Now, do you trust the algorithm, or doctors who say they know the duration of treatment – but might be missing something too?
Puzzle #2
Even in the presence of algorithmic uncertainty, you’d expect certain dynamic reality checks to pass. Consider the share of long term patients in the market. For new starts, it’s a step function, rising from 0 to 1/3 at launch in month 12:
Again, from the bathtub, we know that the patient population can’t instantly mimic the step in starts. If the system is first order with constant persistence, the long term share of patients should rise gradually to 3/4 (1000*24/(1000*24+2000*4)). If persistence is increasing, per puzzle #1, it might go higher on a longer time scale, but it can’t go faster.
Now, suppose the data does something unexpected:
Here, the patient population share data mimics the share of new starts with a time constant that’s very short compared to the persistence of therapy. This should be dynamically impossible in a simple system. But, as always, you could start invoking time varying inputs or parameters to explain what the data shows. (And remember that the real data is noisy, making it harder to be sure about anything.)

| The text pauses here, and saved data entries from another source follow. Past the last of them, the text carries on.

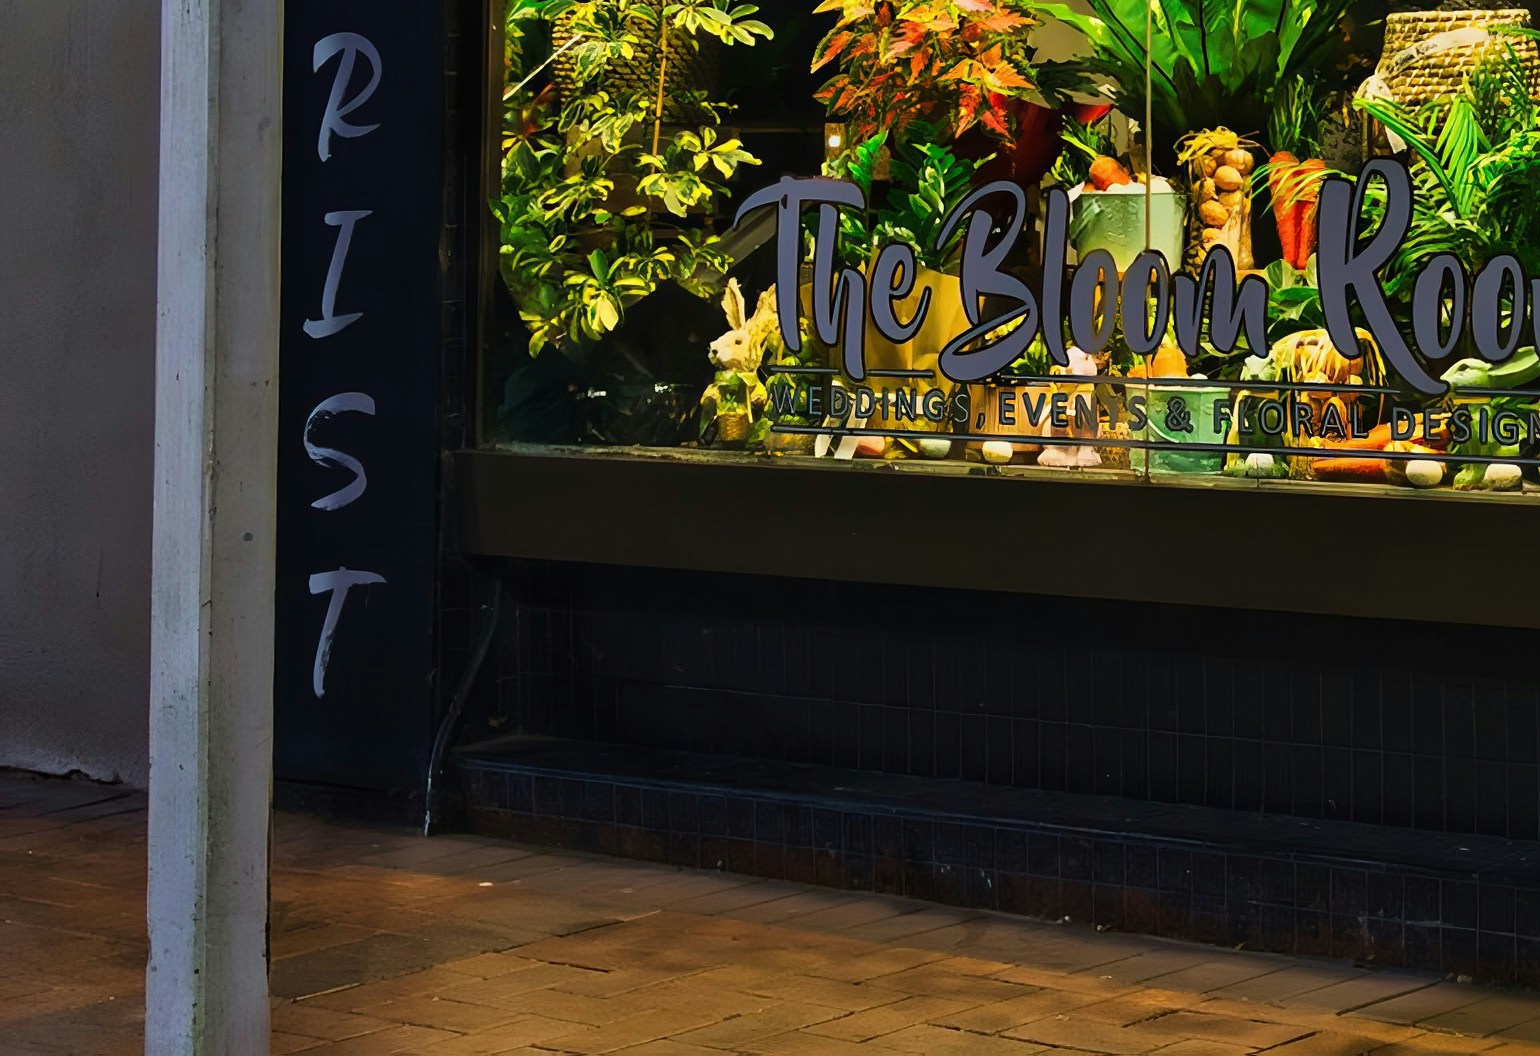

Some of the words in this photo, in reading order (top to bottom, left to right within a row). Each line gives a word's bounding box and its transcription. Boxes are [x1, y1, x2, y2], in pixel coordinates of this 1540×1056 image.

[732, 175, 932, 382] The
[935, 179, 1270, 383] Bloom
[772, 383, 986, 429] WEDDINGS,
[1000, 392, 1148, 432] EVENTS
[1164, 395, 1194, 434] &
[1213, 398, 1370, 440] FLORAL

But I think there’s another, simpler explanation. The data vendor could be using the same or similar algorithms to classify new starts and existing patients. It could be wrong about the inflow split, or wrong about the stocks, or both. And, it could be reclassifying existing patients from short to long and back with a time constant much faster than the persistence of therapy permits.
Conclusion
It turns out that, in spite of having lots of data about this system, we don’t actually know much. This is a problem for model calibration, because we don’t know which source to trust. Uncertainty in the calibration propagates into decision making. It’s awkward for people in the firm to revise the stories they’ve used to justify past actions. It ought to be awkward for the data vendor to provide flaky information, but luckily they have a near-monopoly.

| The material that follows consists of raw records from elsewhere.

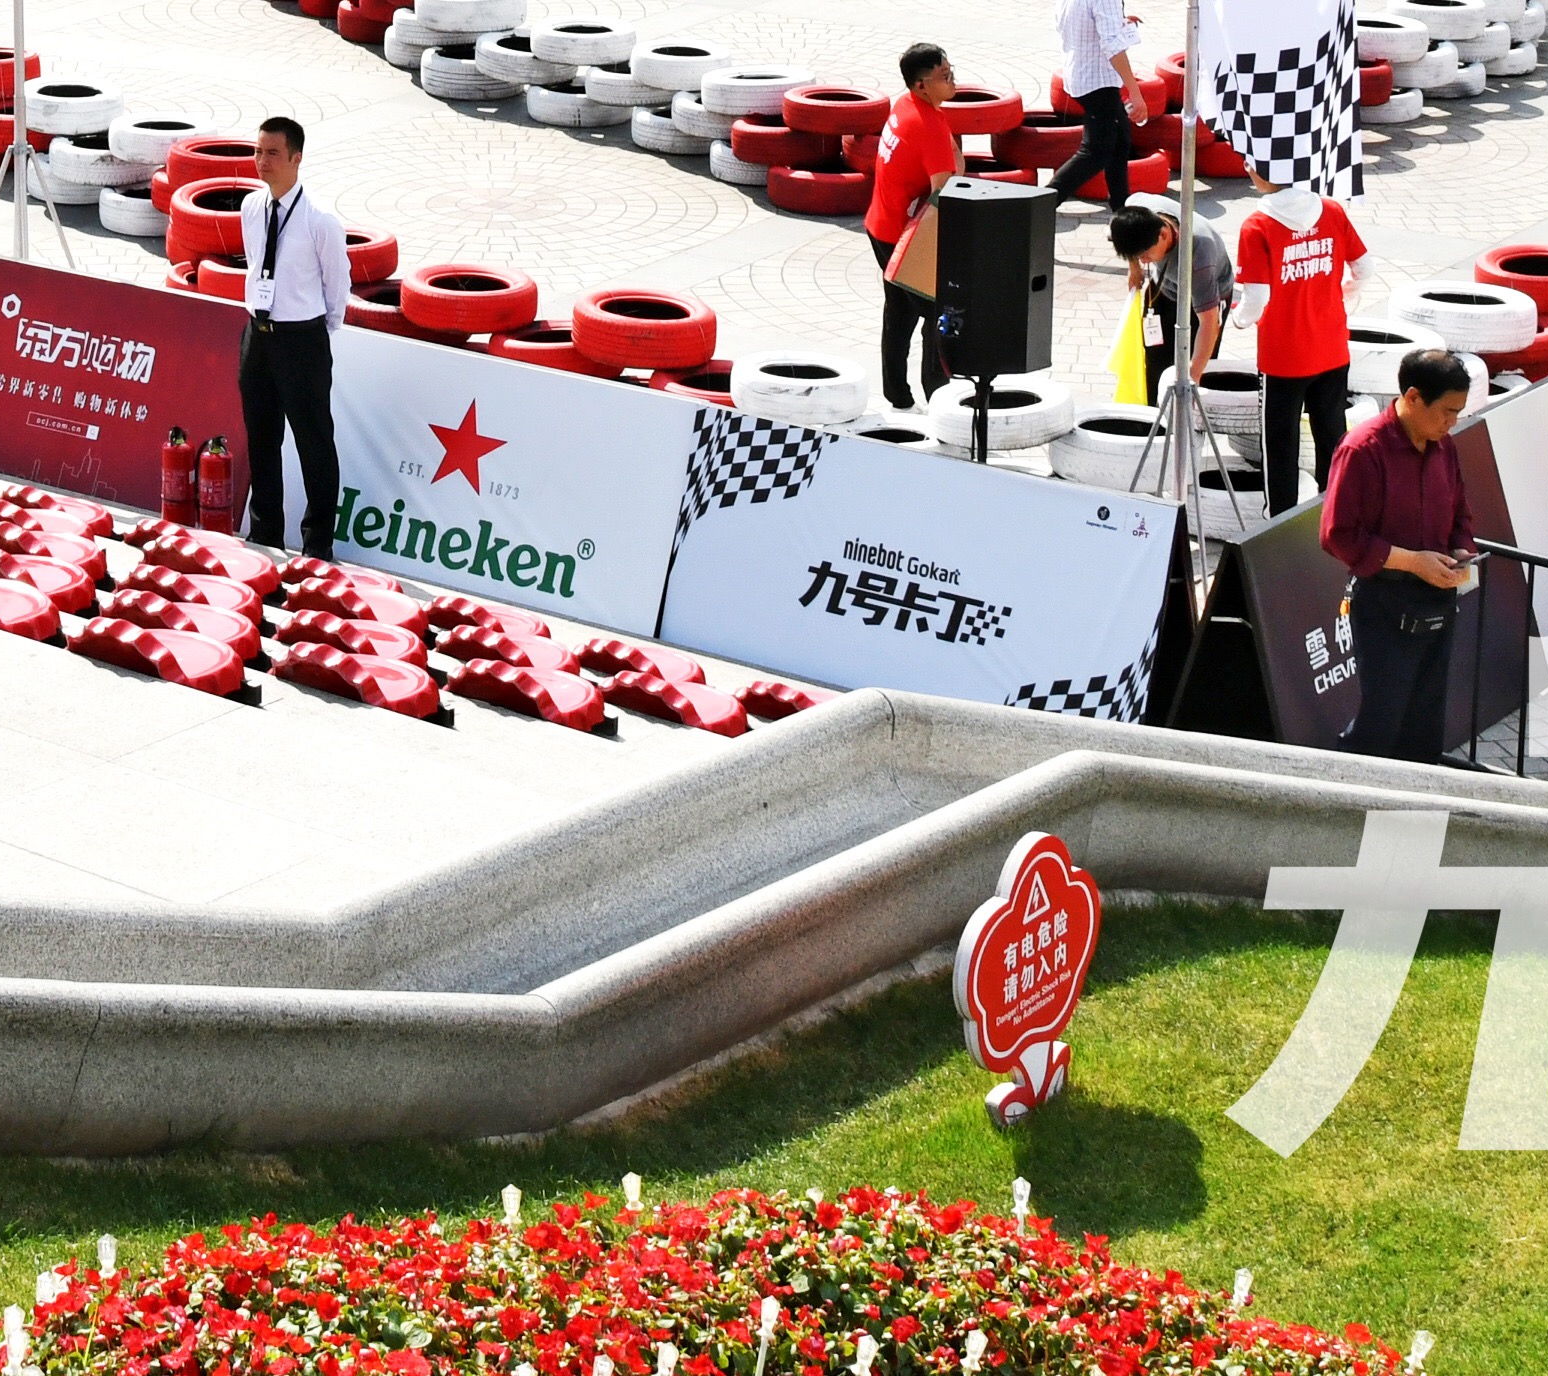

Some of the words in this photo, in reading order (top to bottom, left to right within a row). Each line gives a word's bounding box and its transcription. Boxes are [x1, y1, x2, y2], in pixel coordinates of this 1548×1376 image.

[16, 317, 157, 386] 东方购物
[73, 389, 149, 424] 购物新体验
[35, 415, 82, 435] ocj.com.cn
[398, 458, 428, 483] EST.
[487, 477, 523, 502] 1873
[1132, 530, 1150, 539] OPT
[843, 537, 904, 573] ninebot
[907, 556, 962, 587] Gokart
[797, 559, 985, 645] 九号卡丁
[1003, 908, 1069, 972] 有电危险
[1003, 940, 1067, 1005] 请勿入内
[1059, 970, 1072, 987] Risk

But we still have options:
A real challenge for modelers is that model consumers typically have science tastes on a propaganda budget. People are used to seeing data that looks precise, full of enticing detail, with conclusions that sound plausible, but are little more than superstition. It’s cheap to make nice graphics and long figure-rich Powerpoint decks.
Really sorting out what’s going on in situations like this is hard, but it can have great strategic value. For example, in this case, if persistence is increasing, it’s more critical than ever to win the long term patients. If market shares could differ dramatically from what measurements report, competitive threats and opportunities could go unnoticed. Anyone who can use models to discover the fog of data and see through it will have a real competitive edge.